Second, when I read about a test moving to browser/ as it tests stuff specific to the browser window but noticed that it works fine in SeaMonkey, I decided we shouldn't lose coverage of that item. Just adding one single small test felt to be too easy though, so I looked into the move target directory for more tests to port over to SeaMonkey. As those are testing application-specific things, a good number of them needed adoption and I also uncovered some issues on our side in addition to more features to port from Firefox to SeaMonkey. I ended up with good sets of plain mochitests as well as browser-chrome tests to add, though, and hope to increase our test coverage soon due to that.
Further, I found out we weren't respecting TEST_PATH in "make mochitest-browser-chrome" and, with the right pointer from gavin, ported the necessary patch for this to comm-central. I also filed a bug on no automated run with TEST_PATH in chrome mochitests, which seems to be a general test framework issue.
And last not least, I did another iteration of the idcheck test for Firefox and gavin's review comments now need input from Karsten, who originally wrote this test. - Build System:
When writing up one of my talks for MAOW Berlin, I discovered that NO_JAR_AUTO_REG is obsolete but still present in comm-central and remove occurrences in places that surely don't support xpfe chrome registry any more (that flag was only used there).
More review and discussion on the patch for pulling venkman from hg via client.py, up to this finally being ready for checkin. - MAOW Berlin:
Wrote up initial versions of my build system and SeaMonkey 2 extension talks (both in German) for the upcoming MAOW Berlin.
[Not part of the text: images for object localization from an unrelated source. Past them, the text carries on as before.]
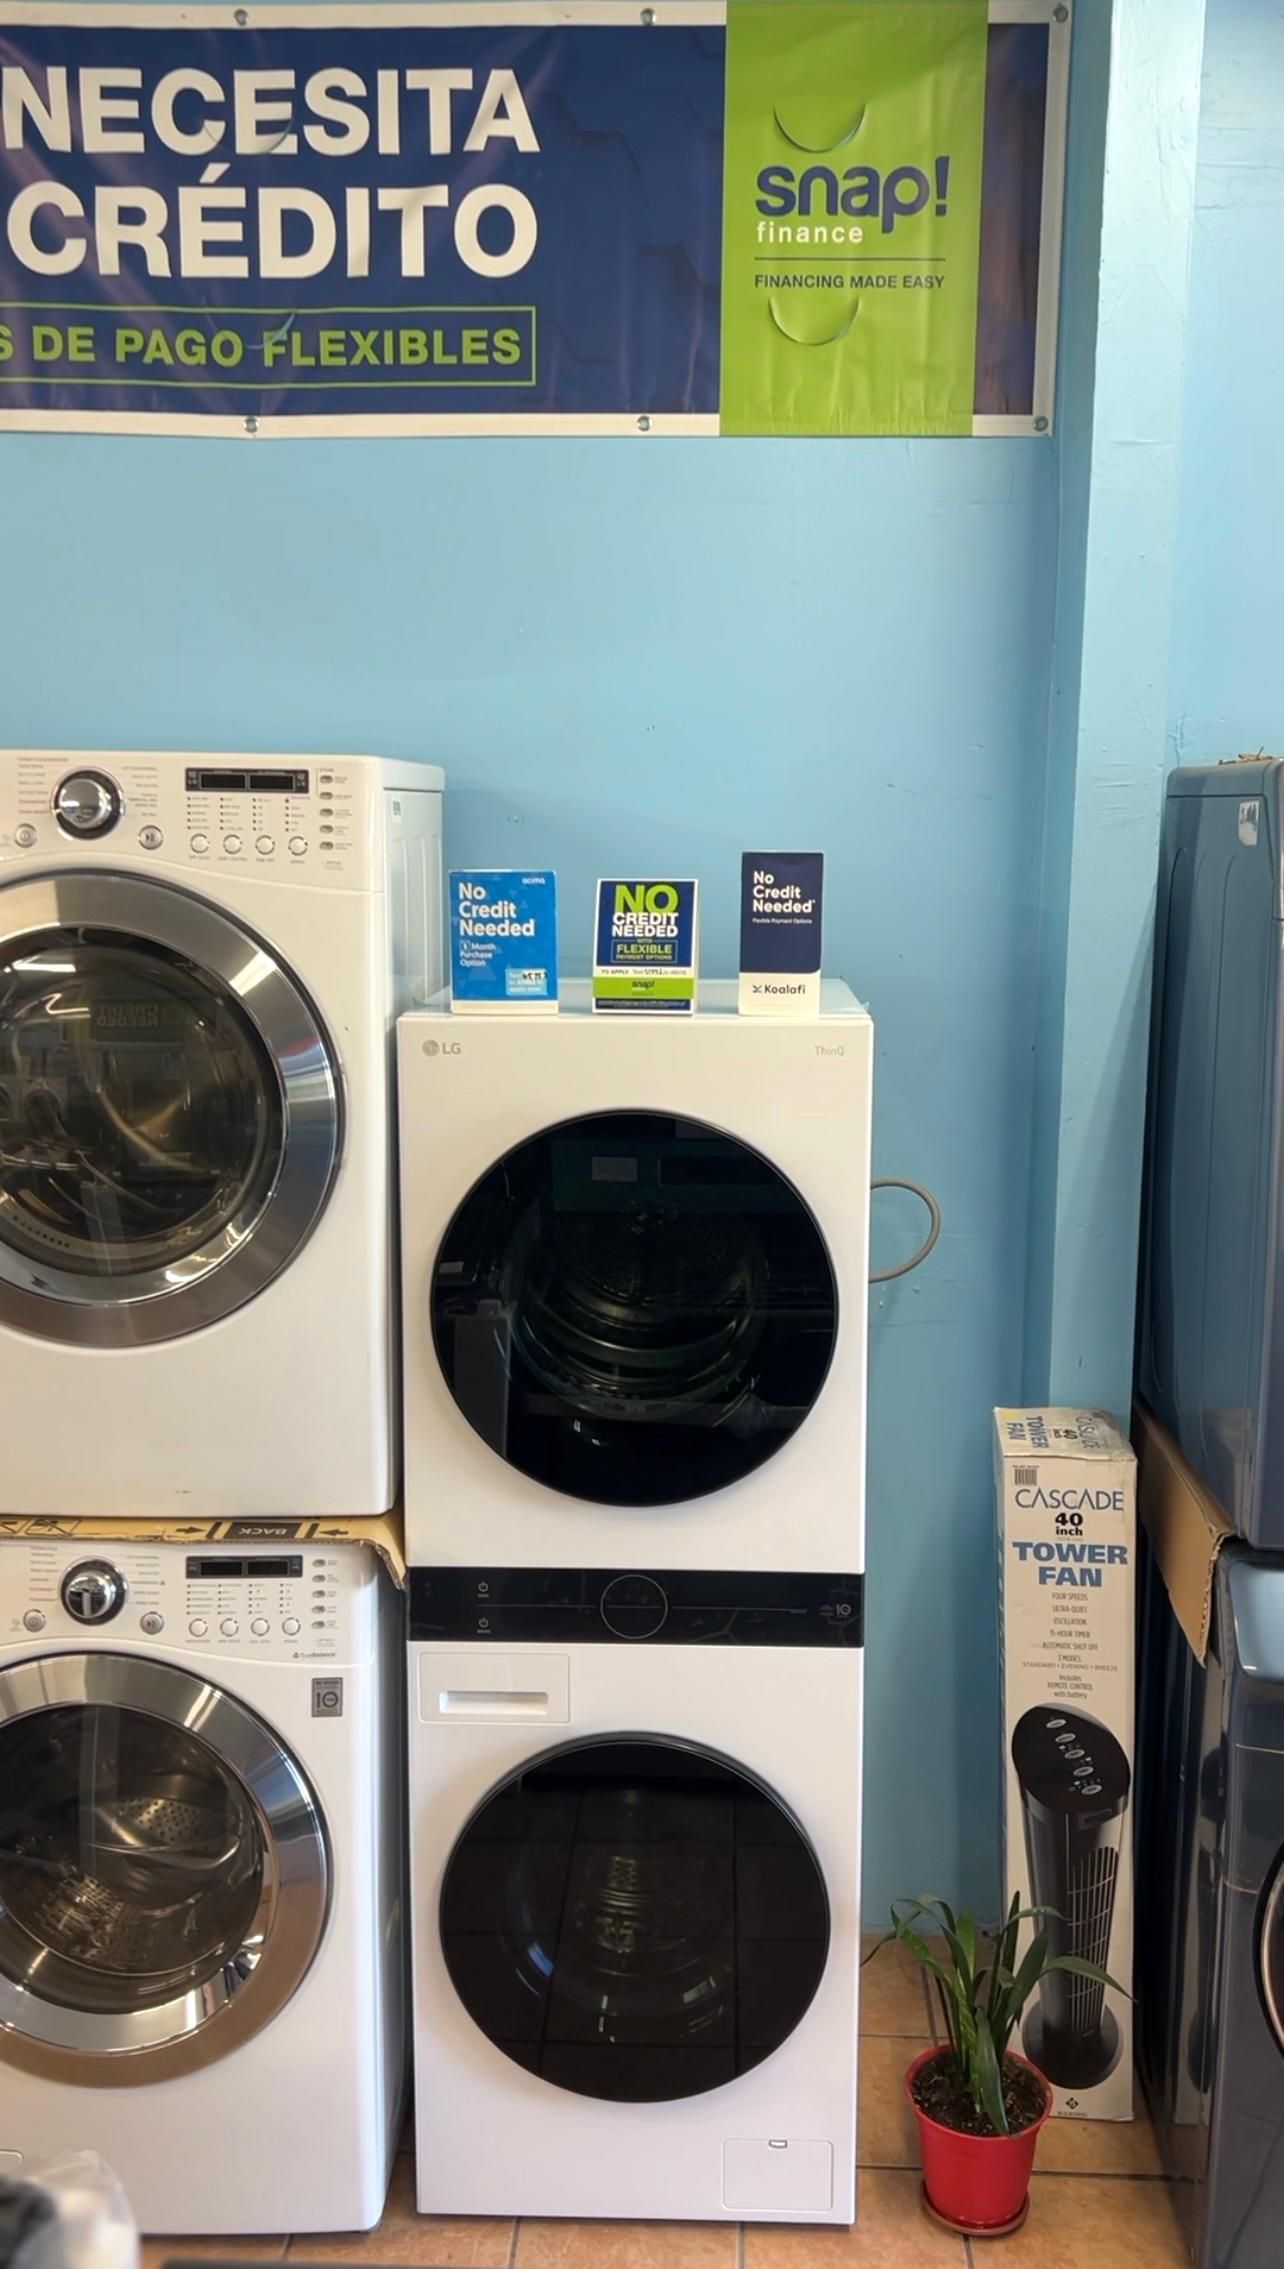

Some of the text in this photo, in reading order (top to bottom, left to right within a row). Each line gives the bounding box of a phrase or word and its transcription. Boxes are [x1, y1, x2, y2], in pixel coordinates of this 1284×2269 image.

[2, 65, 541, 156] NECESITA
[755, 155, 950, 235] snap!
[7, 163, 538, 278] CRÉDITO
[756, 220, 863, 244] finance
[754, 273, 946, 290] FINANCING MADE EASY
[32, 325, 96, 362] DE
[115, 328, 244, 368] PAGO
[262, 327, 522, 368] FLEXIBLES
[753, 870, 774, 885] No
[458, 882, 486, 900] No
[753, 885, 801, 899] Credit
[615, 884, 679, 914] NO
[459, 900, 517, 918] Credit
[613, 912, 679, 926] CREDIT
[459, 918, 535, 937] Needed
[612, 925, 679, 938] NEEDED
[471, 942, 496, 950] Month
[616, 944, 673, 954] FLEXIBLE
[460, 951, 493, 959] Purchase
[460, 959, 486, 967] Option
[764, 984, 806, 994] Koalafi
[442, 1043, 461, 1056] LG
[814, 1045, 845, 1057] ThinQ
[1014, 1487, 1125, 1511] CASCADE
[1054, 1512, 1084, 1526] 40
[237, 1526, 288, 1536] BACK
[1055, 1526, 1084, 1537] inch
[1012, 1541, 1128, 1565] TOWER
[1038, 1566, 1103, 1587] FAN
If you understand German, I'm happy about feedback on both of those! - German L10n:
More keeping up-to-date with current SeaMonkey and 1.9.1 toolkit development to keep the de builds green. - Various Discussions:
New build machines, www.mozilla.org redesign proposals, HTML mail composing, Modern theme updates, mailnews migration with non-matching directory prefs, mailnews and external linkage, build symbol collection on Linux, in-code and MDC documentation relationships, JS performance and debugging, etc.
I had interesting experiences in finding bugs this week: On hand by porting tests from Firefox and finding out what problem they catch in SeaMonkey, on the other hand by writing up slides for a talk and tripping over obsolete definitions in our code. On both sides, a number of things were easy to fix once I knew them, some still needed to be worked around and be addressed in more detail later.
I also found that there a lot of room for students and code newcomers to work on in the SeaMonkey area - starting with increasing test coverage for existing code, via porting features from Firefox up to getting extensions like Weave to work with SeaMonkey. If you're interested the
Google Summer of Code proposals may even enable you to get a T-shirt for that work (and less importantly, also some payment)!
And last not least, I'm looking forward to
MAOW Berlin next weekend with a lot of firsts for me: the first stay in "Eastern Germany" and Berlin, the first time talking about Mozilla Mozilla stuff in German, and the first time of holding talks about the build system and extension porting. I'm sure this will all be exciting - and a lot of fun!